Ibn ‘Arabee (d. 1240) took the unity with God belief a step further by claiming that only God exists.  He wrote the following in one of his works, “Glory be to He, who made all things appear while being their essence.”[6]  And in another he wrote, “He is the essence of whatever appears, and He is the essence of what is hidden while He appears.  The one who sees Him is none other than Him and no one is hidden from Him because He appears to Himself while being hidden.”[7] His concept is called Wahdatul-wujood (unity of existence) and became popular in the Sufi circles throughout the Muslim world.





Why?





What led ancient people to have the belief that the God became man or that God and man were one and the same?  The fundamental reason was their inability to understand or accept the concept of God creating this world from nothingness.  They perceived God to be like themselves, creating from what already exists.  Humans create things by manipulating existing things into other states, shapes and forms having different functions.  For example, a wooden table was once a tree in a forest, and its nails and screws were once iron ore in rocks underneath the earth.  Humans cut down the tree and shaped its wood into a tabletop and legs; they dug up the iron ore, melted it and poured in into moulds to produce nails and screws.  Then they assembled the pieces to create a table for a variety of uses.  Similarly, the plastic chairs people now sit on were once liquid oil, stored deep in the bowels of the earth.  One cannot imagine sitting on oil the way people sit on chairs.  However, through the human ability to manipulate the chemical components of oil, plastic is produced and chairs are made for humans to sit on.  This is the essence of human activity; humans already merely modify and transform what already exists.  They do not create the trees or produce the oil.  When they discuss oil production, they really mean oil extraction.  The oil was created millions of years before by geological processes; then humans extracted it from the earth and refined it.  They also did not create the trees.  Even if they planted them, they did not create the seeds that they planted.

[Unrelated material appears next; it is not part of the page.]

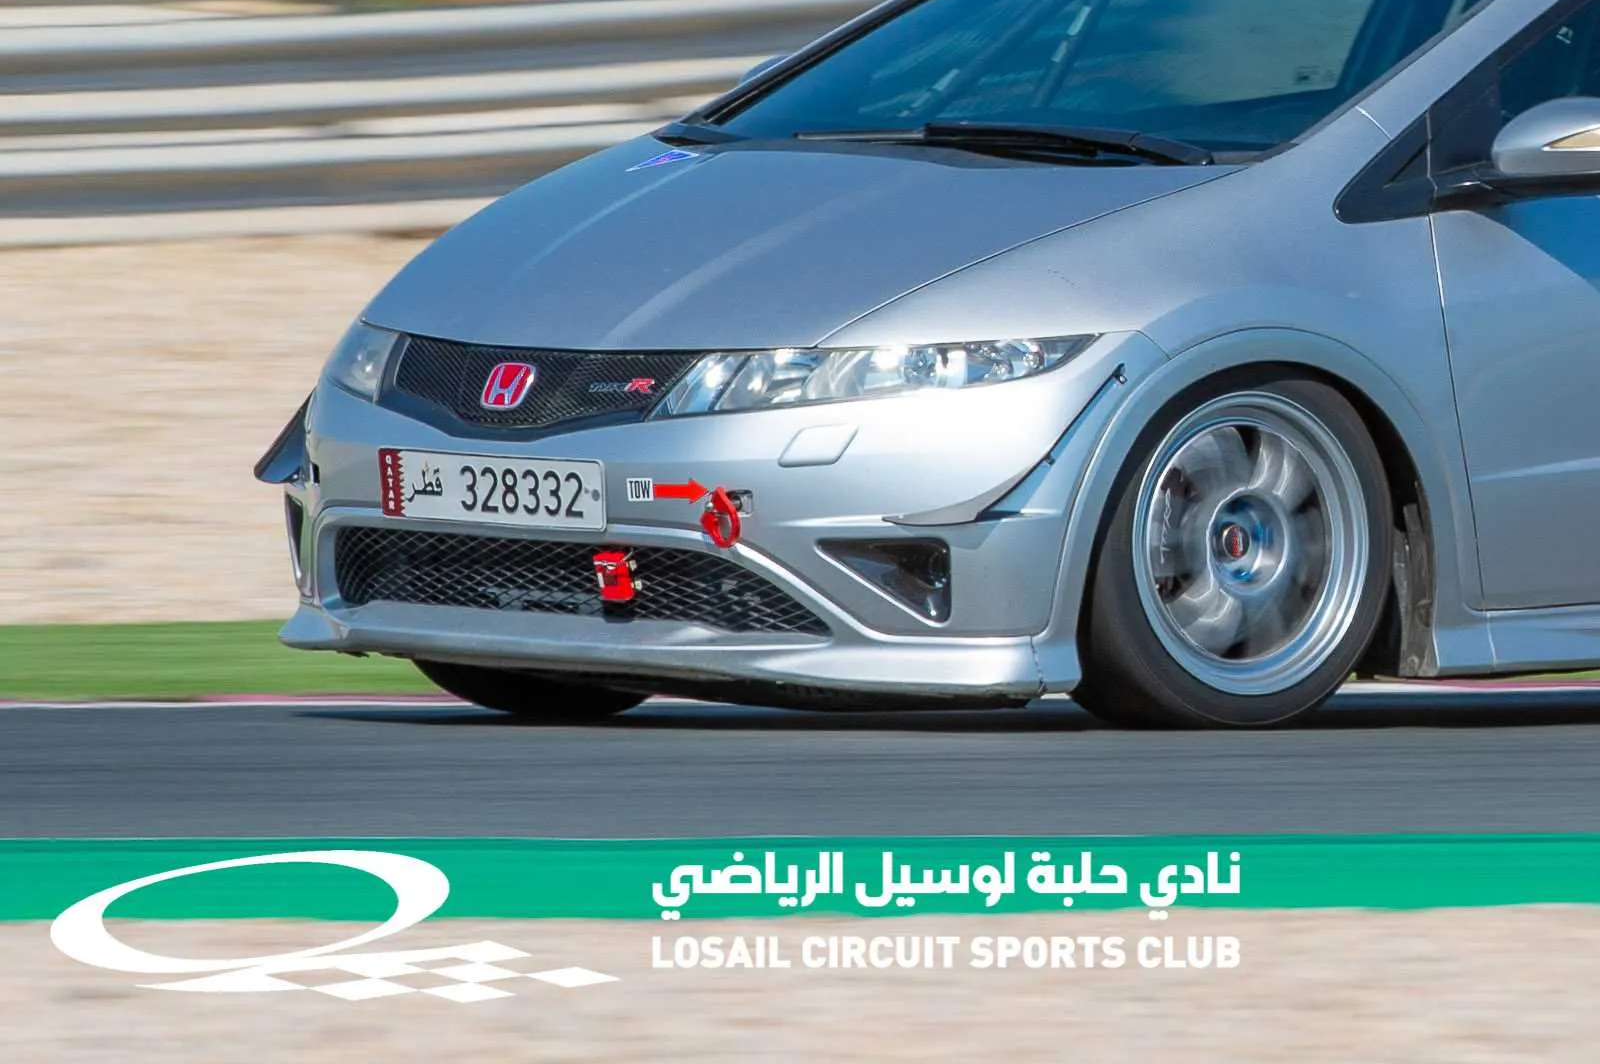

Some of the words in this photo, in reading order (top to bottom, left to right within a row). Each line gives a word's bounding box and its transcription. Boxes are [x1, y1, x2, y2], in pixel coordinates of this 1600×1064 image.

[385, 455, 395, 510] QATAR
[405, 467, 443, 503] قطر
[459, 464, 584, 518] 328332
[628, 479, 652, 500] TOW

Consequently, human, in their ignorance of God, often conceive of God as being just like them.  For example, in the Old Testament, it is written, “God created man after his own image; in the image of God he created Man.”  For Hindus, Purusa is the creator God, Brahma, in human form, and just as humans create by manipulating the existing world around them, then the creator god must do likewise.





According to Hindu philosophy, Purusa is a giant offspring of Brahma, having a thousand heads and a thousand eyes.  From him arose Viraaj, his feminine counterpart and mate in the creation process.  The divine Purusa is also the sacrificial offering (vv. 6-10) and from his dismembered body arose the four traditional social castes (varnas).[8]  Perusa Hymn states that Brahmins were Purusa’s mouth; Ksatriyas (noblemen), his arms; Vaishyas, his thighs; and Shoodras, his feet.[9] The Hindus’ inability to conceive of God creating this world from nothing, led them to the concept of God creating the world from himself and its people from His body parts.





Human ability to understand ideas and concepts is limited and finite.  Human beings cannot grasp and understand the infinite.  The belief, which God taught Adam, was that God created this world from nothing.  When He wanted something to exist, He merely said, “Be!”  and His command brought into existence those things that did not previously exist.  This world and its contents were not created from Himself.  In fact, the concept of God creating the world from Himself reduces God to the level of His creatures, who merely create something from something else.  Those who held and continue to hold this belief are unable to grasp the uniqueness of God.  He is Uniquely One and there is nothing like Him.  If He had created the world from Himself, he would be like His creatures.